### Data excerpts:
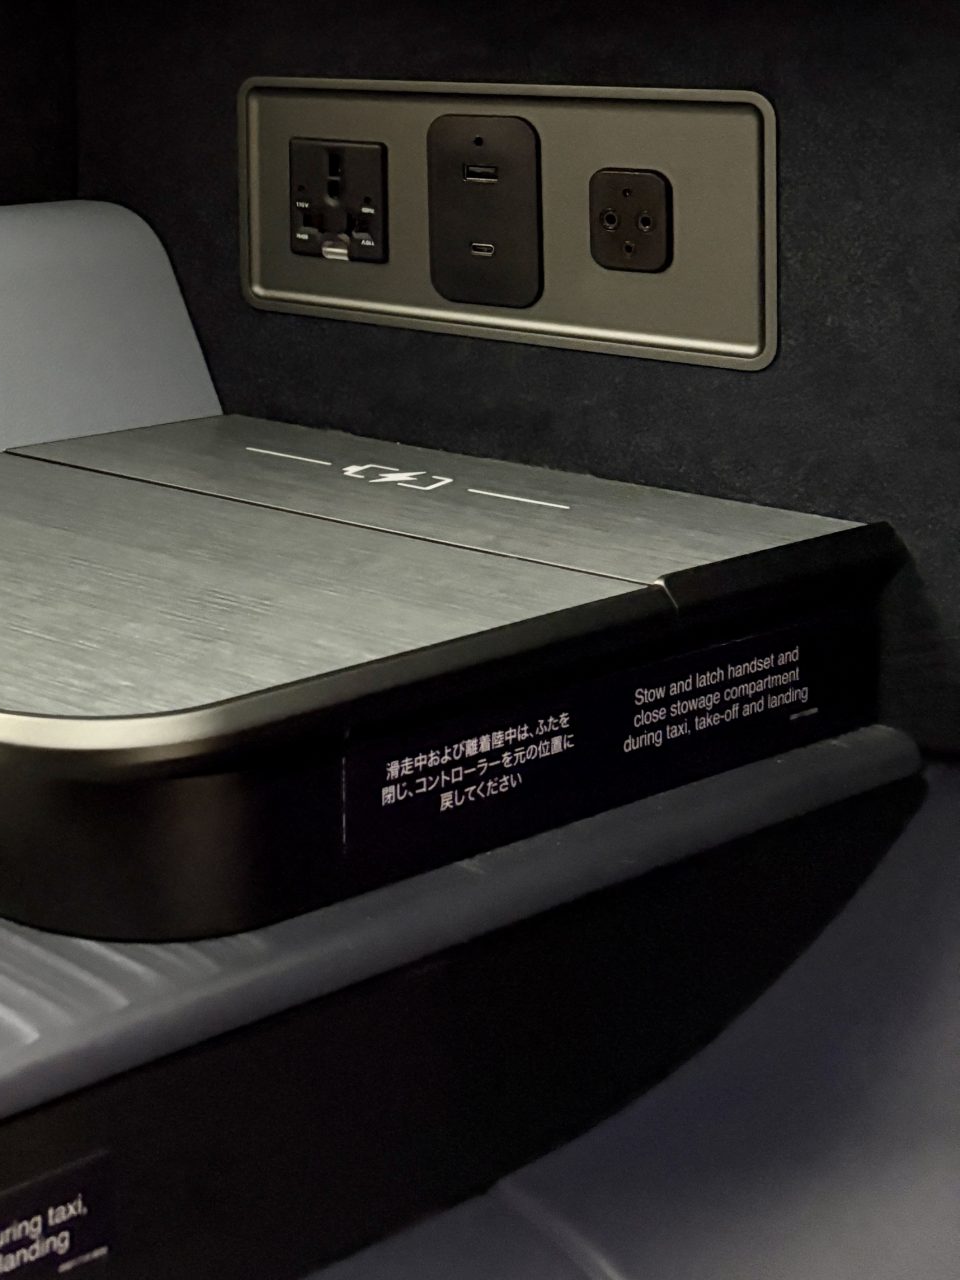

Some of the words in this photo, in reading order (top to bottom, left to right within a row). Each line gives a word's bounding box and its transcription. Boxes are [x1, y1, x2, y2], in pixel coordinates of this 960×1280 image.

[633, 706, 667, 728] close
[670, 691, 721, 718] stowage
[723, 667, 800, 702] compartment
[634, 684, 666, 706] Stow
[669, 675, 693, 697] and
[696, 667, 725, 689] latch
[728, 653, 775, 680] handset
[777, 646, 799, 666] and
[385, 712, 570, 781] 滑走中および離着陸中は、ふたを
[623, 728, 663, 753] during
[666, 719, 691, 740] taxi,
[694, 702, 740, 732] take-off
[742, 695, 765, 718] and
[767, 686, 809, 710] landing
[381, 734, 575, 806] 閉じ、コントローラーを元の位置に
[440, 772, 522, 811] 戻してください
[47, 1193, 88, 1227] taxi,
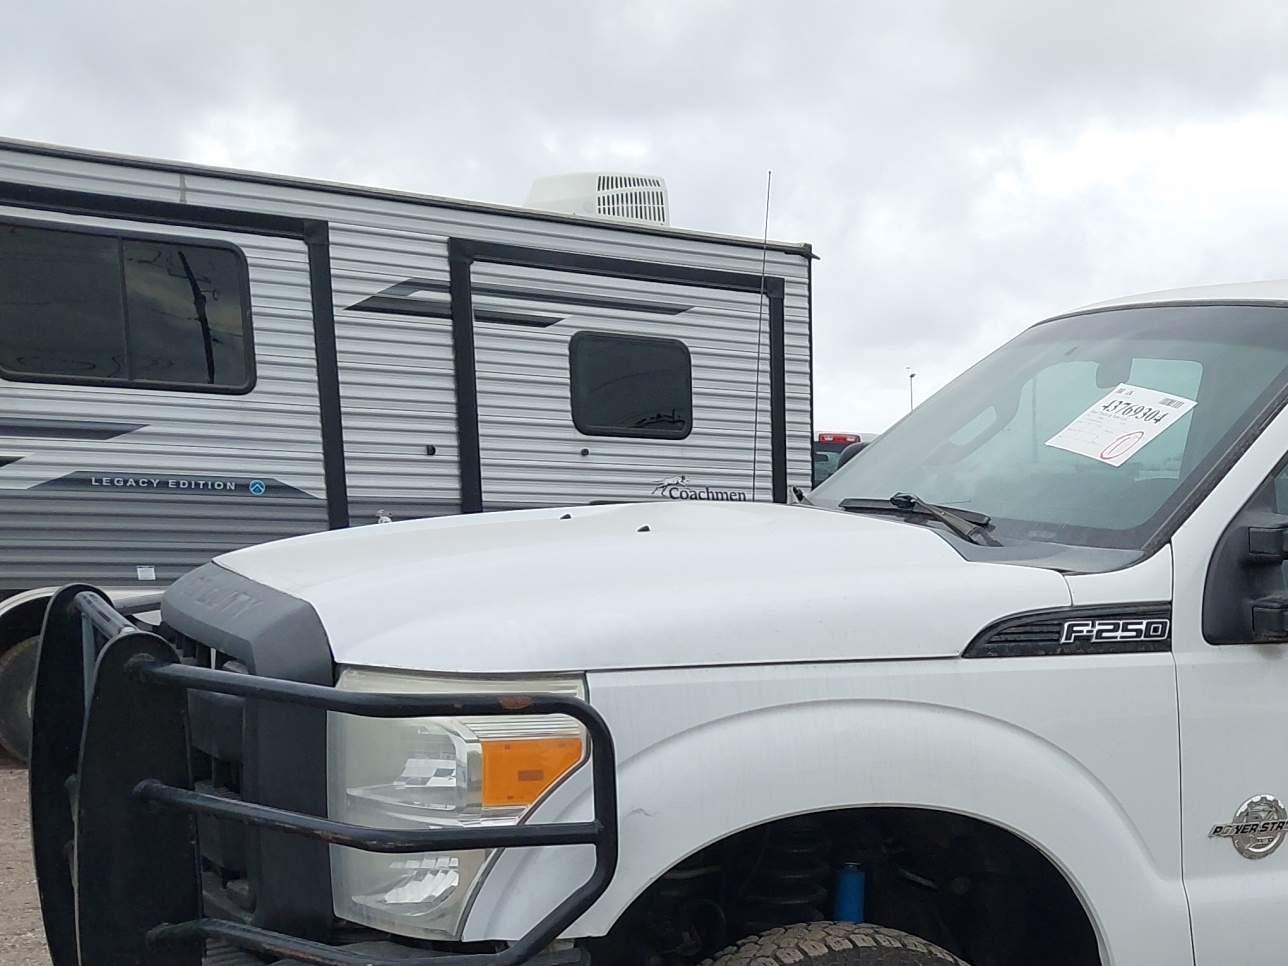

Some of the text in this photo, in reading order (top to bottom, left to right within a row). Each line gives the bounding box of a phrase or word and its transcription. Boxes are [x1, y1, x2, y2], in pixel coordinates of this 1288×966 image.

### Assigned task:
Exact copy, no pictures: set down all the entries again as they stand.

### Output of the exercise:
Some of the words in this photo, in reading order (top to bottom, left to right within a row). Each line gives a word's bounding box and its transcription. Boxes are [x1, y1, x2, y2], in pixel coordinates of this 960×1280 image.

[633, 706, 667, 728] close
[670, 691, 721, 718] stowage
[723, 667, 800, 702] compartment
[634, 684, 666, 706] Stow
[669, 675, 693, 697] and
[696, 667, 725, 689] latch
[728, 653, 775, 680] handset
[777, 646, 799, 666] and
[385, 712, 570, 781] 滑走中および離着陸中は、ふたを
[623, 728, 663, 753] during
[666, 719, 691, 740] taxi,
[694, 702, 740, 732] take-off
[742, 695, 765, 718] and
[767, 686, 809, 710] landing
[381, 734, 575, 806] 閉じ、コントローラーを元の位置に
[440, 772, 522, 811] 戻してください
[47, 1193, 88, 1227] taxi,

Some of the text in this photo, in reading order (top to bottom, left to right within a row). Each line gives the bounding box of a phrase or word and its transcription. Boxes are [x1, y1, x2, y2], in pixel coordinates of this 1288×966 image.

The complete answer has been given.